Are Your Kids Being Negatively Impacted By Their Screen Media Use?
By Kathy Slattengren, Priceless Parenting
Watching TV and listening to music are the top two activities for both tweens and teens. Primarily kids are absorbing the messages and music created by others. Only 3% of their time is spent on content creation.
Boys and girls differ in their media use.
Teen boys average 56 minutes per day playing video games compared to teen girls who average 7 minutes per day. Teen girls are more interested in social media spending about 40 minutes more a day on average than boys.
Problematic Activities Involving Screen Time
One area of concern is around what your children are doing when they are using media. When you do not monitor what your kids are watching or doing online, you are unable to provide guidance.

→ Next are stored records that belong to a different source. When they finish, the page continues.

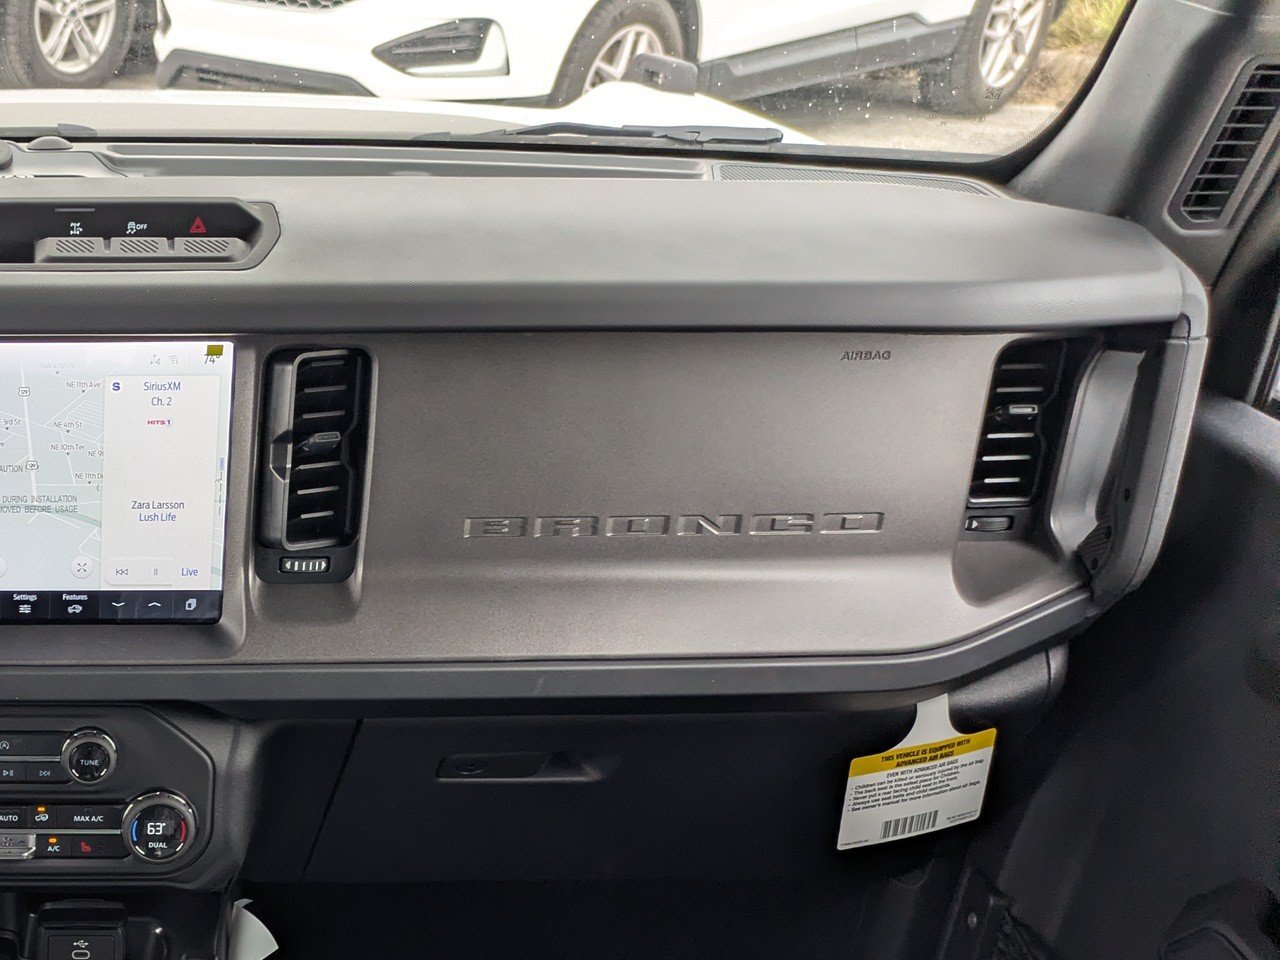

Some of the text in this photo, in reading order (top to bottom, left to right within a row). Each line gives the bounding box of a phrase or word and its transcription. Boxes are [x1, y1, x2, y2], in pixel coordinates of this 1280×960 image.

[841, 350, 891, 360] AIRBAG
[144, 382, 181, 391] SiriusXM
[151, 397, 172, 406] Ch. 2
[131, 501, 184, 509] Zara Larsson
[139, 513, 176, 521] Lush Life
[463, 511, 884, 538] BRONCO
[181, 568, 198, 577] Live
[896, 750, 920, 759] VEHICLE
[929, 742, 955, 753] EQUIPPED
[956, 738, 971, 747] WITH
[895, 756, 927, 767] ADVANCED
[939, 750, 954, 759] BAGS
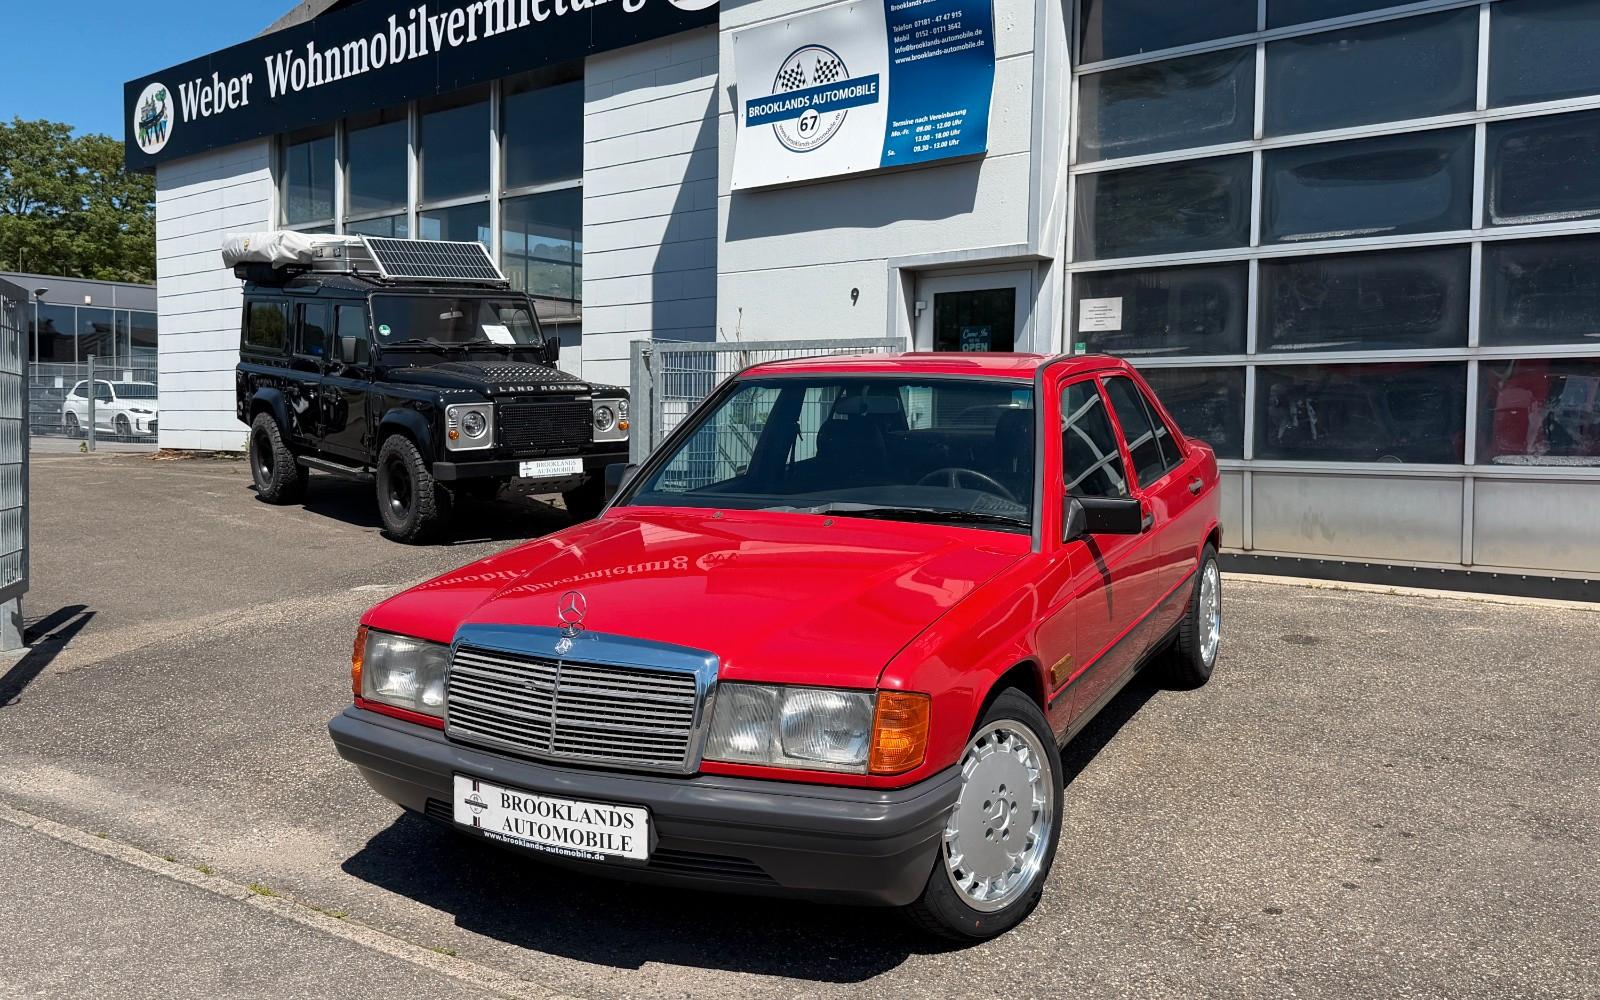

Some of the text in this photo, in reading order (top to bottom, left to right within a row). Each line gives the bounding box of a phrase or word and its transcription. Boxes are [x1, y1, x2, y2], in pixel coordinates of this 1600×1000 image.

Unfortunately kids get in trouble in various ways when online. Some potential problems to watch for include:
- Sharing personal details like name, address, school, birthdate, current location
- Sharing emotional struggles in a public way
- Sending naked pictures of themselves through texting or email
- Watching porn
- Video chatting with strangers
- Listening to music that promotes values your family does not support
- Participating in anonymous sites or apps that are prone to bullying and being bullied
- Putting you at risk of a lawsuit by downloading illegal movies or songs
- Learning about ways to inflict harm on themselves
- Spending your money on virtual or real merchandise that you have not approved
- Sharing their passwords with their friends
- Giving personal information in response to a phishing scheme
The possibility of your kids engaging in inappropriate media activities increases when they are with their friends. What are your policies around digital devices when friends are over? Do you allow kids to keep their digital devices when they are at your house for a sleepover? How do you monitor what they are doing? Discuss your rules ahead of time with your own children so they know what to expect and what will happen if the rules are broken.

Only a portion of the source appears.